Lecture 12
      
                                    Schizophrenia
      
      Lecture Outline
      
      I.  Introduction
      II. The Concept of Schizophrenia
           A. Kraepelin
           B. Bleuler
           C. Schneider
           D. US-UK Cross National Project
           E. A More Conservative US
      III.DSM-III
           A. Duration
           B. Symptoms
           C. Age
           D. Organic Exclusion
           E. Subtyping
                1. Catatonic
                2. Disorganized
                3. Paranoid
                4. Undifferentiated
                5. Residual
      IV. Conclusions
      
                     -------------------------------------------
      
      I. Introduction
      
           We have thus far examined psychological disturbances that, while
      potentially quite debilitating, are typically "ambulatory" in nature:
      the person can usually still function, there is usually no serious loss
      of contact with reality.  Today we turn to Schizophrenia, a class of
      psychological disorders that is perhaps the ultimate in psychological
      breakdown (Carson, et al., 1988).  The individual typically has marked
      breaks with and distortions of reality.  As we shall see, Schizophrenia
      "strikes at the very heart of what we consider the essence of the
      person" (Carpenter, 1987, p.3)  Such a disturbance is often termed
      psychotic to distinguish it from the milder "neurotic" disorders
      (Anxiety and Mood disorders).  Today, we will review some of the issues
      and controversies regarding Schizophrenia, as well as briefly look at
      how the DSM-III-R defines the concept.
      
           Schizophrenia affects all areas of functioning: thought,
      perception, emotion, behavior.   A Schizophrenic individual suffers from
      impairment in multiple areas of functioning.  The following is a list of
      those symptoms identified by the DSM-III-R.
      
      (Note: Your text goes into much more detail for each of these areas, so
      we won't spend a lot of time on them in lecture.  Make sure you review
      them carefully).
      
      A. Content of Thoughts:  delusions (false beliefs).  Eg:  Others
      able to read my thoughts (thought broadcasting), thoughts are being
      placed in my head (thought insertion), other people/beings are
      controlling me
      
      B. Form of Thoughts:  Eg: loose associations (one thought has
      little to do with the previous or forthcoming thoughts), poverty of
      content (talks a lot, but says very little), unique/made-up words
      (neologisms), clanging (speech follows meaningless rhymes.  (See
      Handout 12-1).
      
           [Note: The specificity of thought disturbances is not
           altogether clear (disturbances of thought occur to varying
           degrees in many psychological disorders [Rattenbury,
           Silverstein, DeWolfe, et al., 1983)].
      
      C. Perception:  hallucinations, especially auditory.  Eg: hearing
      voices.
      
      D. Affect:  flat and/or inappropriate emotional responses.  Eg:
      extreme silliness, or an utter lack of emotion.
      
      E. Sense of Self:  no sense of self, of being an individual.  No
      sense of meaning.
      
      F. Volition:  inadequate self-initiated behavior.  Eg: inability to
      meet goals or complete tasks.
      
      G. Interpersonal Relations:  withdrawn, detached (sometimes called
      "autism") or excessive clinging, dependency, and intrusiveness.
      
      H. Psycho-Motor Behavior:  unresponsive or bizarre responses to the
      environment.  Eg: Catatonia (such as extreme rigidity or stupor),
      overexcited activity, strange faces.
      
      The final, overarching diagnostic criterion is that the person's
      functioning has declined markedly below the highest level of functioning
      achieved prior to the disorder.  This criterion is included to
      discriminate between people with Schizophrenia and those with more
      isolated problems (such as someone who, although experiencing some form
      of delusion, shows no reduction in social or work functioning). 
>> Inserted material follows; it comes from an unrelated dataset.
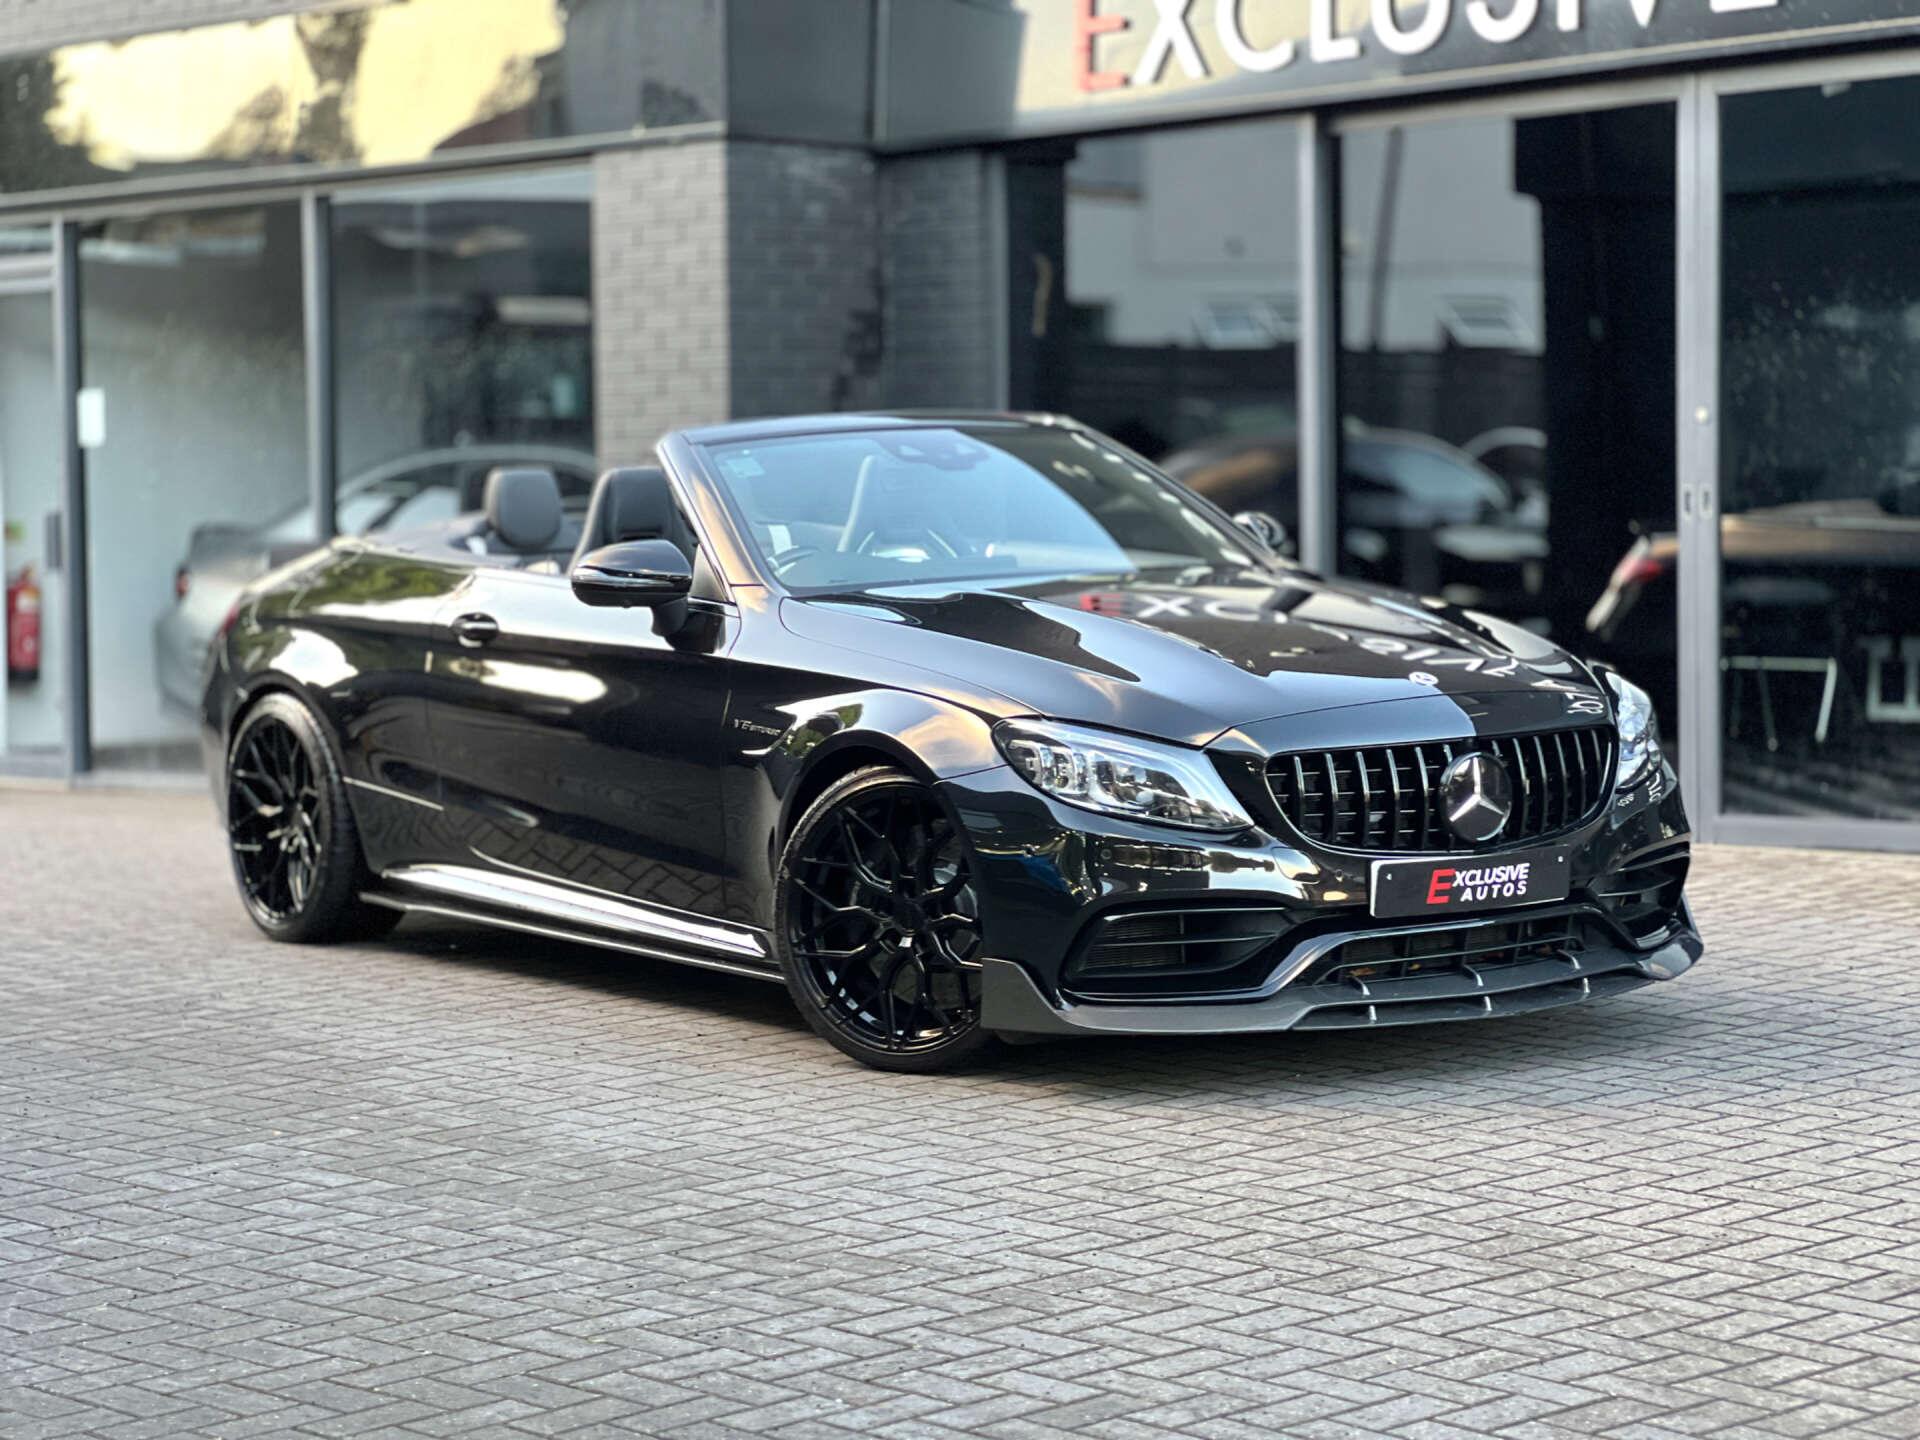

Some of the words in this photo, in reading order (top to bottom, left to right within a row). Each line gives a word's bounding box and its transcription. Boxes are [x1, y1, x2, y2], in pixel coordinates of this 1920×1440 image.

[1075, 0, 1780, 93] EXCLU
[1426, 862, 1531, 905] EXCLUSIVE
[1460, 880, 1528, 902] AUTOS
      Schizophrenia typically involves impairment in multiple areas of
      functioning.  Because the impairment is often so pervasive,
      Schizophrenic individuals often require prolonged or repeated
      hospitalization.  
      
      Case Study: (Susan, a young woman, placed by her school in a class for 
      the emotionally disturbed):  She talked at length about her
      interests and occupations.  She said she made a robot in the
      basement that ran amok and was about to cause a great deal
      of damage, but she was able to stop it by remote control. 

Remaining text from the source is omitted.